(Prompt)
Without including any images, reproduce each entry exactly.

:::

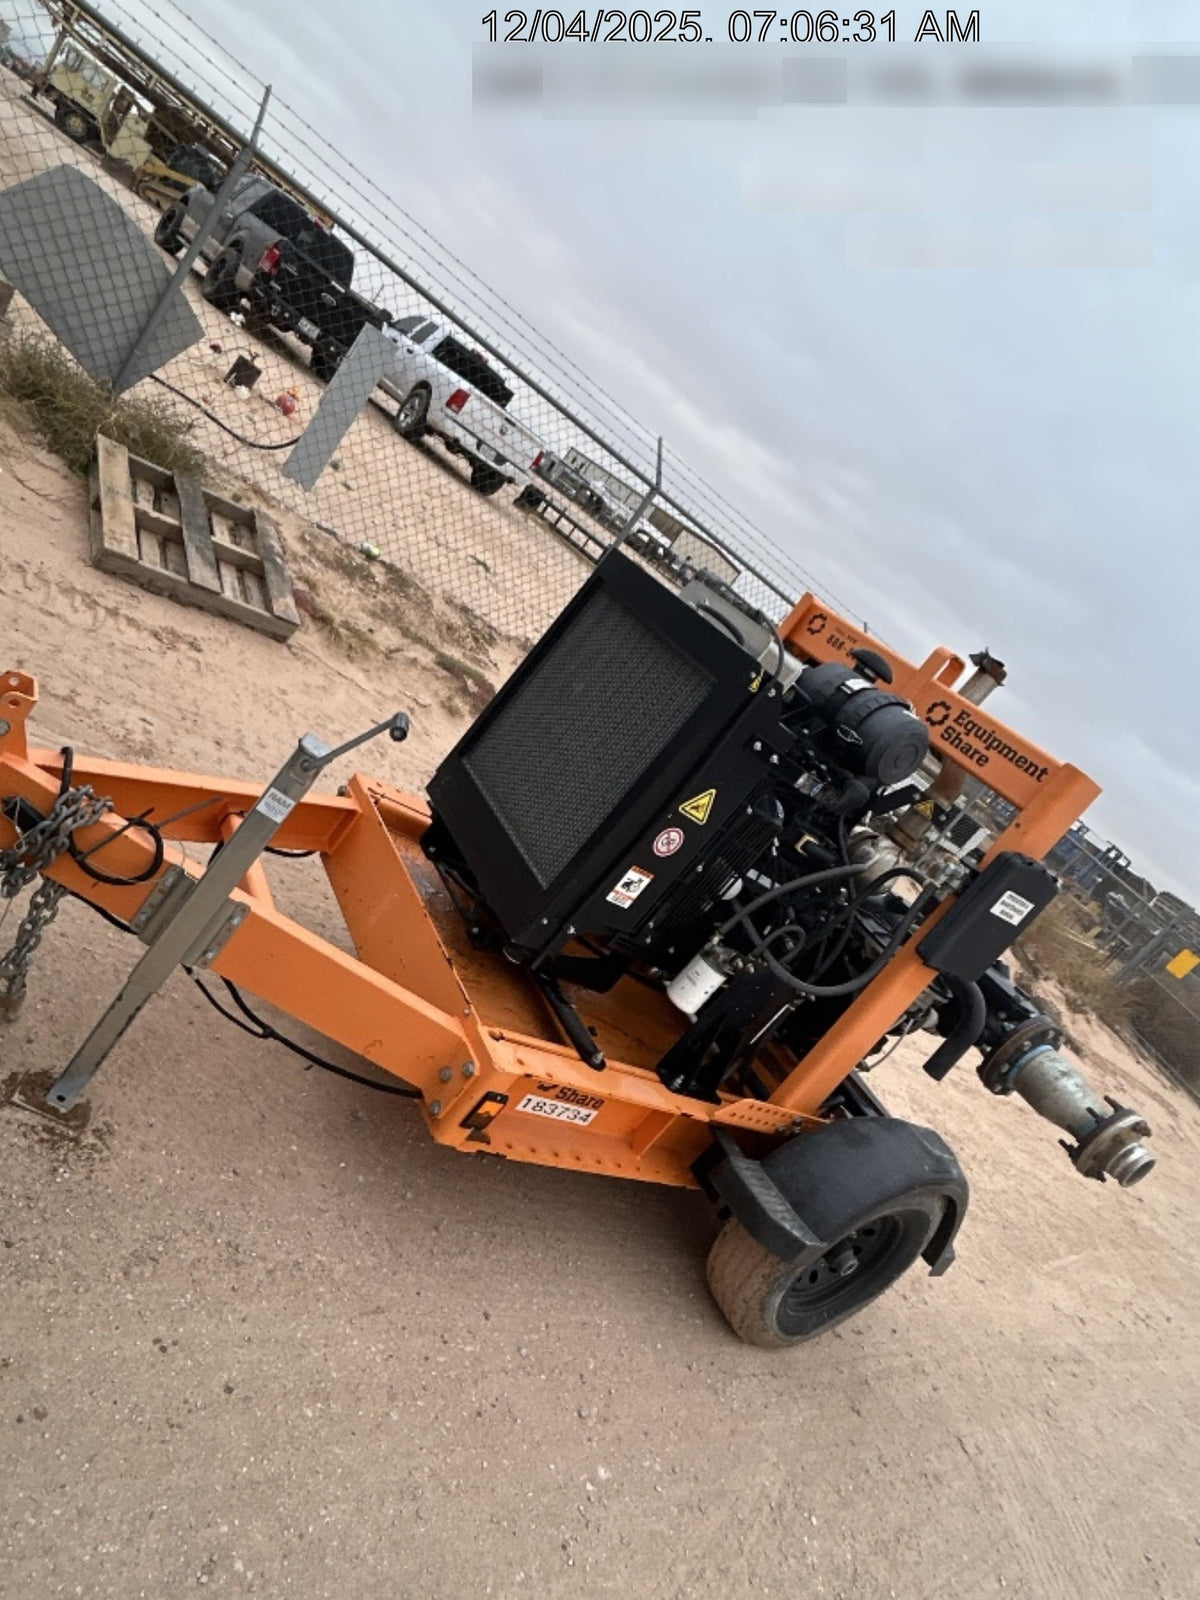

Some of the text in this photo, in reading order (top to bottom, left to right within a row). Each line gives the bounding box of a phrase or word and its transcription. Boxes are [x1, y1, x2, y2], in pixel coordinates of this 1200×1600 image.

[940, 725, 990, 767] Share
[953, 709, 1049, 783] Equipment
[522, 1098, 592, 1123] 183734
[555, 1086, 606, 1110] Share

:::

(Written response)
Some of the text in this photo, in reading order (top to bottom, left to right within a row). Each line gives the bounding box of a phrase or word and its transcription. Boxes are [x1, y1, x2, y2], in pixel coordinates of this 1200×1600 image.

[940, 725, 990, 767] Share
[953, 709, 1049, 783] Equipment
[522, 1098, 592, 1123] 183734
[555, 1086, 606, 1110] Share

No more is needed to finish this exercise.